From the remaining chapters (from chapter 6), choose 3 or 4 or 5 sentences that you want to “study.” From too much and not the mood by Chew-BoseYou can follow my lead (see document used in class Tuesday) or you can conceive of your own analytic approach to the sentence. The key to this exercise is to bring your focus to the level of the author’s sentences and try to fathom what she’s doing there.
Studying sentences from Chew-Bose: What’s to learn from someone else’s (excellent) prose? (Surely, envy occurs, but if you can move past that snippiness—what’s on the other side?)
Chapter 2
• “These older girls created landmarks out of picnic tables.”100• “I was, back then, a decade or so away from clocking my brownness, from taking notice of its veiled prominence in my life. I wasn’t so much blind to it, but uninvolved in it. Emotionless about it.” 101• “Those older girls were on to something. They collected boyfriends in neighboring schools as if expanding the real estate of their allure. These older girls were wise to the curve and clout of their bodies…netting attention….I still remember most of their names—both first and last. They pleat my memory with singsong.” 104-5• “Backyards, for me, have either been fiction or totally spooky. There are few things more unnerving than when, in the dead of night, a backyard light
motion-detects something but reveals nothing.” 105
• “I was a girl upstairs in her room with the door closed, growing hostile. Impenetrable and uncertain. A combination that only seemed to accelerate maters and freshly renew my sensitivity to other families, mostly white, and their mountain-topped superiority….In my mind, these families were an avatar for goodness. Well-organized thoughtfulness. My envy churned thick since I wasn’t yet teenage, and happening upon the translucent blahs that arrive with those years.” 109
Chapter 3
• “There’s no suitable language for feeling adrift when on paper you seem all right.” 128• “…the blunt quiet in my apartment…momentarily…impassable” 133• “Feeling miserable is, by nature, a spiraling condition” 130• “Concern, far beyond my scope, was compacted into me” 128• “You’ve not so much witnessed sadness but sleuthed it.” 131• “What I’m sure of is the dead squirrel’s body and how I can’t unsee its dark brown corpse like a blotch of balsamic in our aqua-blue pool. That house, its backyard, the lilac bush, my green shag carpet, the older girls, the boys, the squirrel, still wind me up. Like omens I neglected, like apprehensions I would only later—much, much later—understand as how my body was, in its way, anthologizing my childhood.” 125
Document used on Tuesday:
While studying these sentences—writing them out (above), reading them aloud, re-reading them silently–I notice:
1. the spoken-ness of these sentences…comes from how many begin with a subject, the author claiming it (for me, to me, I was…), and then a thought that unfolds as it would in real time conversation but also….with a polished feel maybe because of the well-timed modifying phrases and clauses that delay the end of the sentence.

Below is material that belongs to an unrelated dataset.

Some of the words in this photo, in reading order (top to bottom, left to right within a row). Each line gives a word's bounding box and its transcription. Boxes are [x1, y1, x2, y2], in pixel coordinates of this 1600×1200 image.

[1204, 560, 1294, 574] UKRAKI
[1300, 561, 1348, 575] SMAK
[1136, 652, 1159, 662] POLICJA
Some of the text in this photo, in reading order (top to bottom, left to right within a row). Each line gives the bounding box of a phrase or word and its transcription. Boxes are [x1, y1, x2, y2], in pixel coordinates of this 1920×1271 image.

2. the writing, though ‘personal’ in the sense of being revelatory of her self, the composition of her self, is clinical, intellectual—like Montaigne’s—it blocks together, like Legos, all these nouns that fit into image. Lots of sentence fragments that serve as modifying phrases. As for energetic verbs, she doesn’t over do them; she finds a lot of them in (converted) adjectives and nouns: compacted, clocking, anthologizing.

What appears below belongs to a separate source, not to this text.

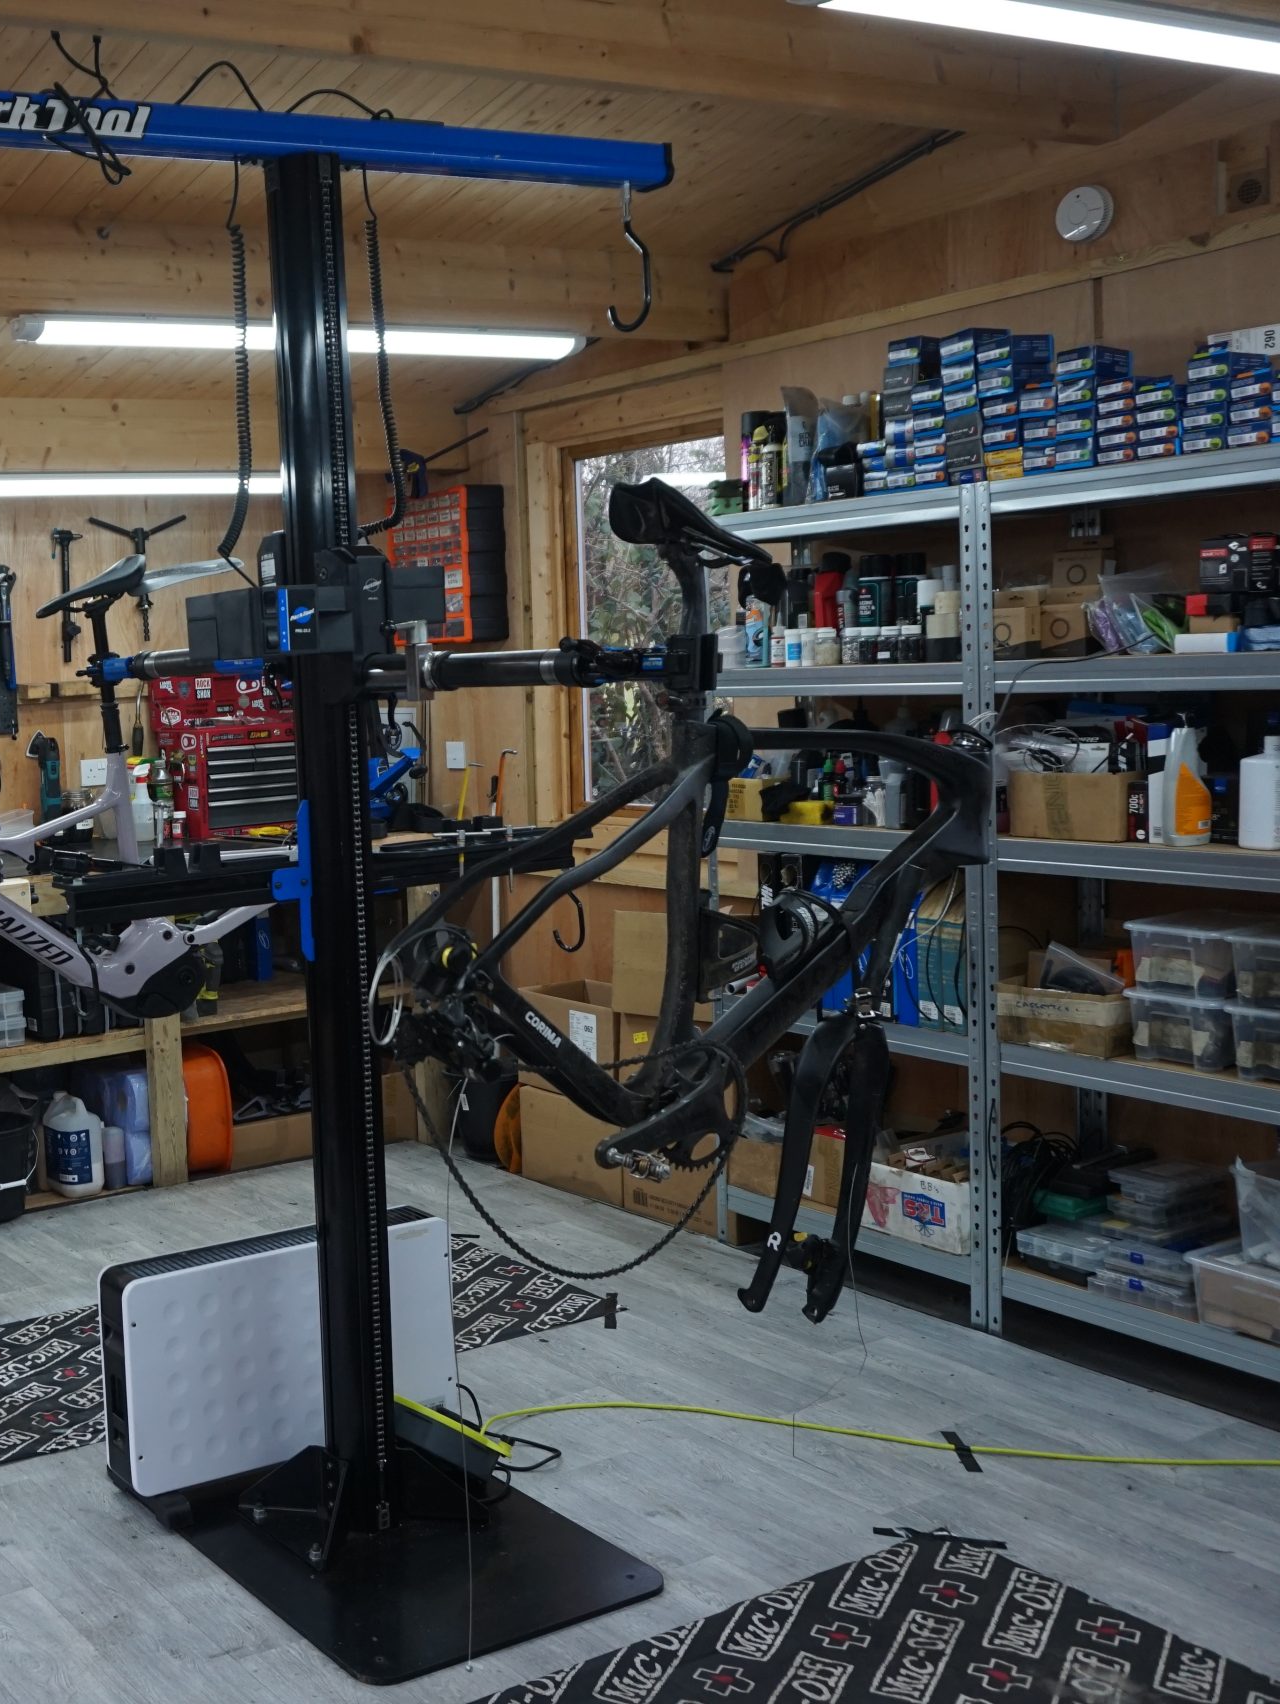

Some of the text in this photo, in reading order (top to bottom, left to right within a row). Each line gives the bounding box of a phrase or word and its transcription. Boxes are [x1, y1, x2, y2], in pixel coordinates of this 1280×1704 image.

[524, 1010, 562, 1049] CORIMA
[992, 1570, 1062, 1656] Muc-Off
[881, 1612, 957, 1701] Muc-Off

3. Chapter 2 is about here “deeply honed unease.” 101. Chapter 3 is about convolutions of miserable-ness. Both are “negative feelings” in the sense of feelings we’d rather not have too much of, or if having them, would rather move quickly away from. I don’t get the sense that she has in her naming and history of her discomfort been liberated from it. Its more like she’s befriended it, so it won’t have the chance to grow and suddenly show up and sink her.